Practical Steps a Traveler Should Take
Despite the positive nature of the news, the decision does not eliminate the need to carefully check details before booking. Applications should be submitted only through official Indian government channels or through officially designated paper visa procedures. Tourists should check their citizenship, eligible visa categories, rules regarding the number of entries, maximum duration of stay, and passport validity in advance. Separately, it is worth checking whether requirements for photographs, application forms, itinerary confirmation, or contact details during the stay have changed.
The second piece of advice concerns logistics. If the restoration of visas puts India back on the list of real options for the coming season, it is better to think immediately not only about entry permission but also about the first point of arrival. For many international passengers, this is Delhi. There are already useful pages on the site for such planning: you can view options for flights from Delhi Airport (DEL), evaluate hotels near Delhi Airport, and plan in advance a transfer or taxi from Indira Gandhi Airport. For some routes, it is also appropriate to look at flights via Bengaluru Kempegowda Airport (BLR), if the trip is oriented toward the south of the country or technological and business centers.
What This Means for the Tourism Market
For India itself, the decision is not only consular but also market-driven. Global tourism in 2026 remains competitive: many destinations compete for the same traveler, ease visa rules, experiment with visa-free entry or digital entry permits. Against this backdrop, the return of the full set of tourist visa options is a way to not fall behind regional competition and simultaneously increase revenue from foreign visitors without complex structural reforms.

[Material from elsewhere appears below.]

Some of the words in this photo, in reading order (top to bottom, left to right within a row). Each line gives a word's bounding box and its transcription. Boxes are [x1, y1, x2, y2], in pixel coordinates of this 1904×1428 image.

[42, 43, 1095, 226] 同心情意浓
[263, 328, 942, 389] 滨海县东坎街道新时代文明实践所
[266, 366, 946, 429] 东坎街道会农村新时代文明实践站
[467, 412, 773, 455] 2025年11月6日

Segments that depend on longer planning horizons benefit especially: wellness tourism, premium cultural routes, repeat travel, MICE trips with a leisure component, and longer family visits. Such tourists book less frequently at the last minute, fly more often with layovers, spend more money in hotels, aviation, and ground transport. Therefore, even a purely visa easing is capable of having a noticeable multiplicative effect for the entire travel chain.
Does This Mean Full Simplification of Entry
No, and it is important here to avoid overly optimistic interpretations. The restoration of visas does not mean that India has suddenly become a visa-free destination or that any format is suitable for every tourist. The country has simply returned a wide set of tools, which makes it easier for the market to work. The actual suitability of a specific visa still depends on citizenship, itinerary, duration of trip, and current consular rules.

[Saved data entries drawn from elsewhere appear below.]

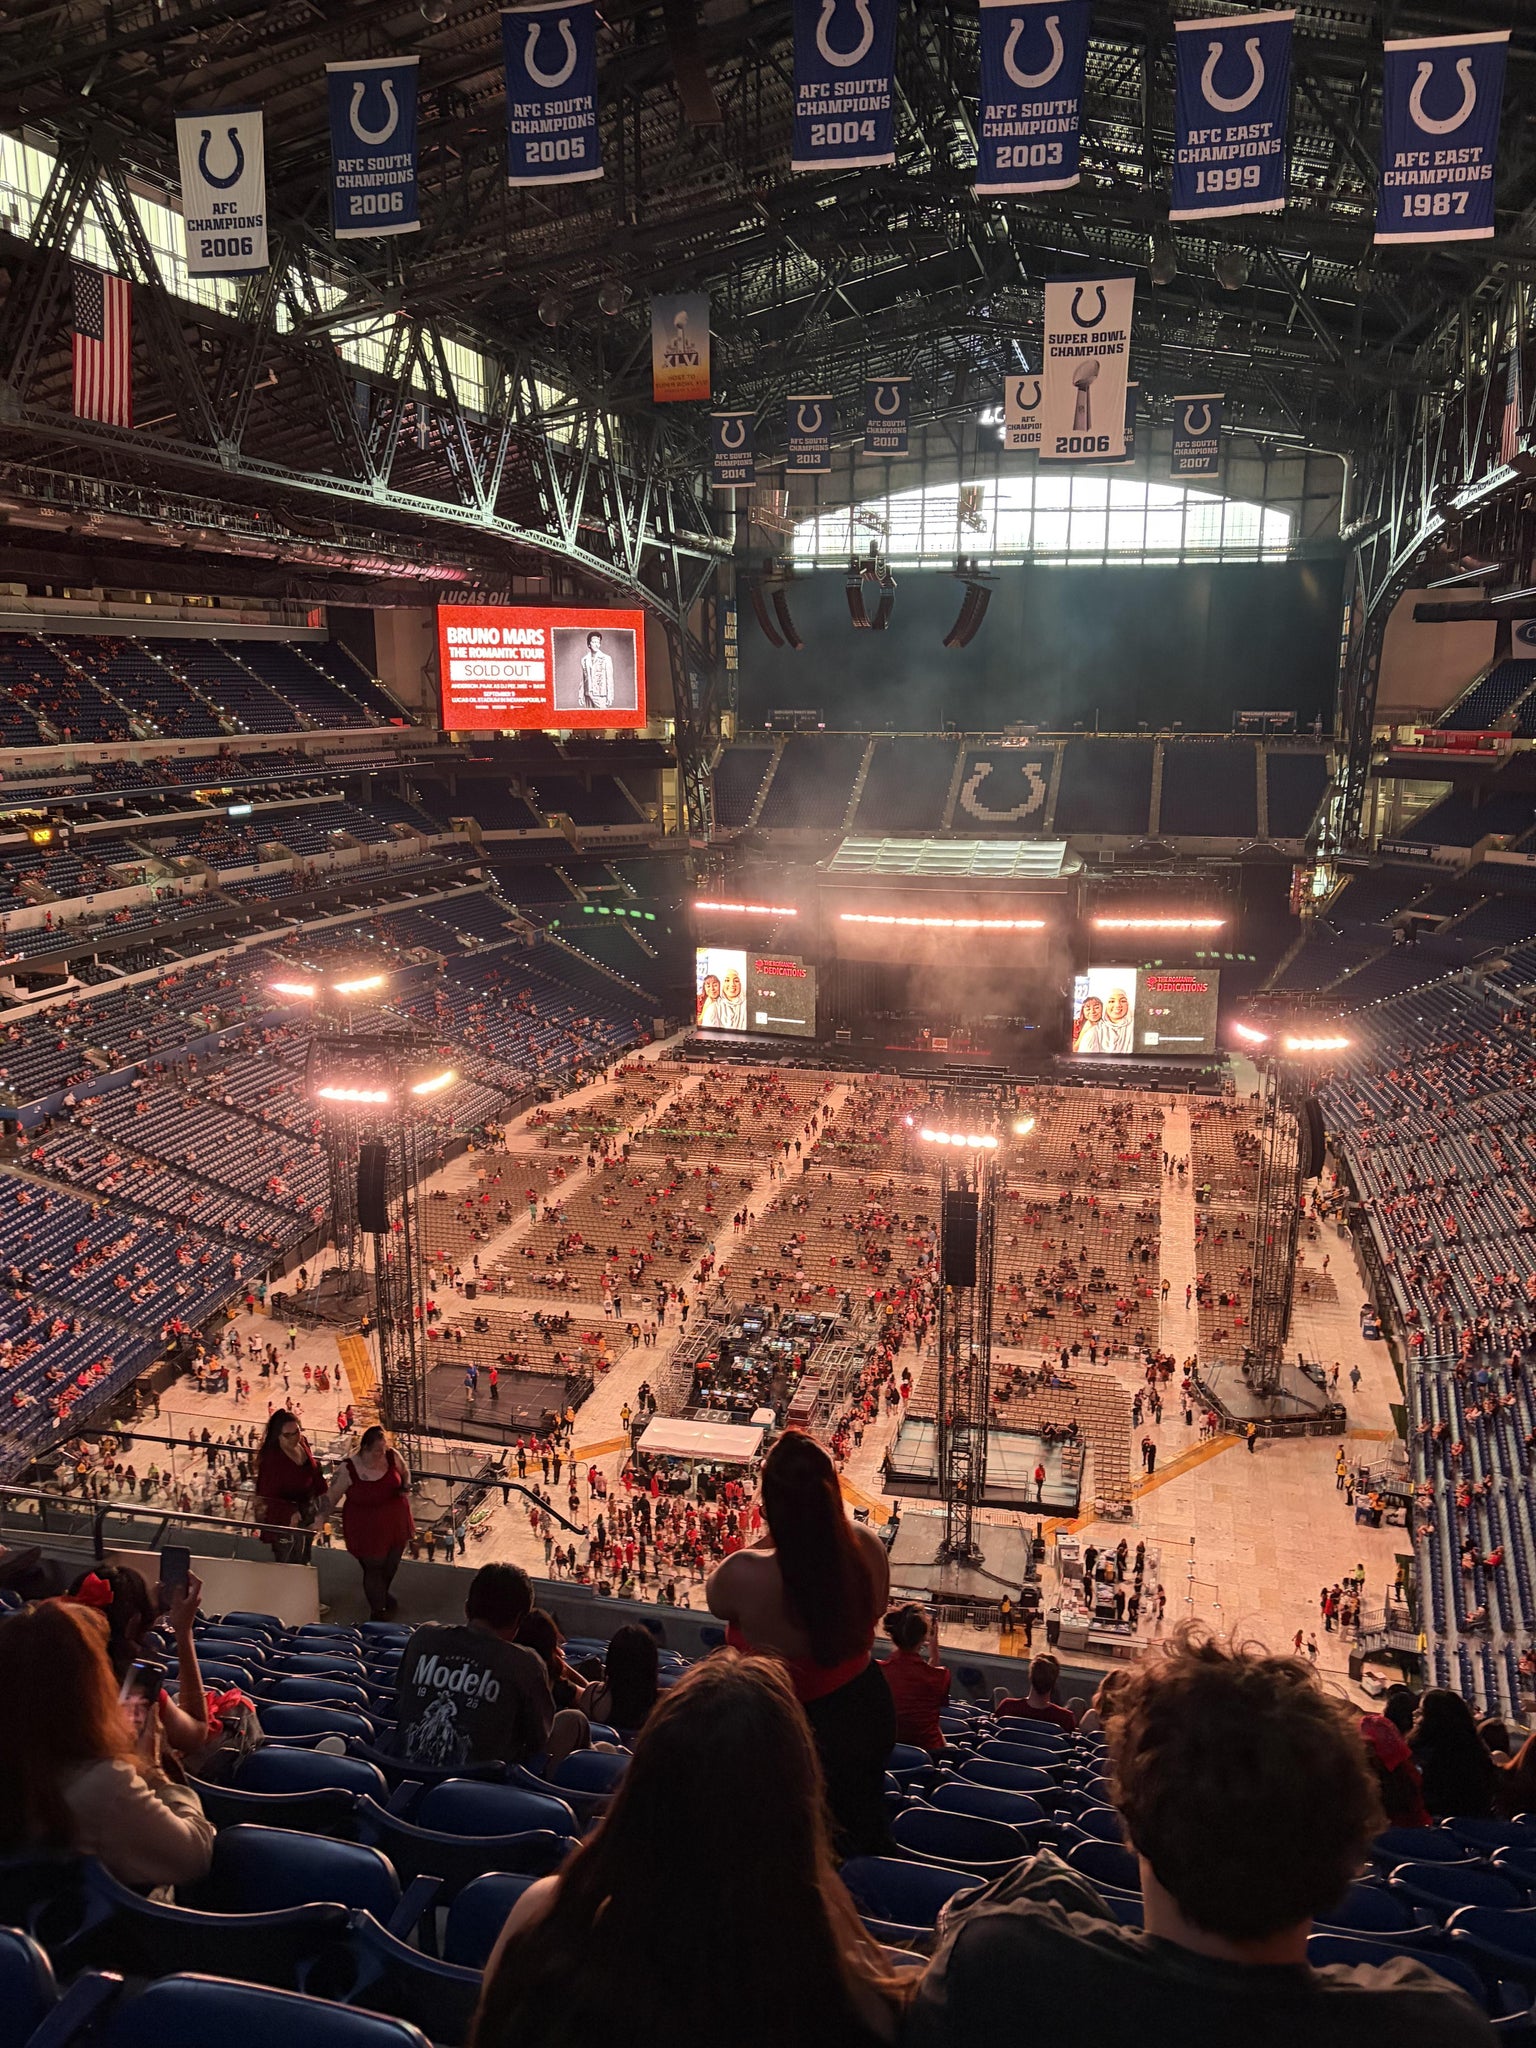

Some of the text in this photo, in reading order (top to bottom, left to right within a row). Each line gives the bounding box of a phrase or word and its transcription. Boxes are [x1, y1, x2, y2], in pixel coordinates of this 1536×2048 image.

[799, 78, 888, 98] AFC SOUTH
[514, 96, 592, 117] AFC SOUTH
[796, 94, 890, 116] CHAMPIONS
[985, 99, 1077, 119] AFC SOUTH
[512, 113, 595, 134] CHAMPIONS
[983, 116, 1079, 137] CHAMPIONS
[811, 120, 876, 146] 2004
[1187, 122, 1273, 145] AFC EAST
[526, 137, 585, 162] 2005
[996, 143, 1063, 168] 2003
[1178, 138, 1281, 163] CHAMPIONS
[1394, 147, 1483, 168] AFC EAST
[338, 154, 412, 172] AFC SOUTH
[336, 169, 414, 188] CHAMPIONS
[1196, 165, 1260, 194] 1999
[1384, 164, 1493, 186] CHAMPIONS
[212, 202, 237, 215] AFC
[350, 192, 403, 215] 2006
[1402, 192, 1469, 217] 1987
[187, 215, 263, 231] CHAMPIONS
[201, 237, 253, 258] 2006
[1049, 330, 1126, 344] SUPER BOWL
[1050, 343, 1124, 357] CHAMPIONS
[873, 437, 899, 447] 2010
[1013, 433, 1041, 443] 2009
[1056, 436, 1110, 454] 2006
[797, 455, 821, 464] 2013
[1174, 447, 1218, 455] CHAMPIONS
[1180, 458, 1210, 469] 2007
[722, 469, 746, 479] 2014
[439, 591, 511, 605] LUCAS OIL
[447, 627, 544, 645] BRUNO MARS
[449, 647, 544, 659] THE ROMANTIC TOUR
[465, 665, 531, 676] SOLD OUT
[764, 967, 807, 978] DEDICATIONS
[1156, 983, 1208, 992] DEDICATIONS
[412, 1654, 500, 1702] Modelo
[417, 1687, 427, 1697] 19

Furthermore, travelers should not confuse the e-Tourist Visa with separate visa on arrival schemes. The latter are much narrower in nature and do not replace the standard electronic tourist visa for a wide international audience. Therefore, the main conclusion for the reader is simple: the positive change is real, but the benefit from it will appear only when the tourist chooses the correct visa category for their travel scenario, rather than relying on general headlines.
Conclusion
The restoration of long-term paper tourist visas and all main formats of the e-Tourist Visa makes India one of the most noticeable tourism news of the last week. This decision is important not only because it removes the old pandemic legacy, but also because it returns to travelers the normal freedom of choice between short, one-year, and multi-year travel models. For the market, this is a signal of the country's readiness to compete more actively for international demand. For tourists, this is a chance to once again consider India as a more predictable and convenient destination, but with the mandatory check of specific conditions for their own itinerary.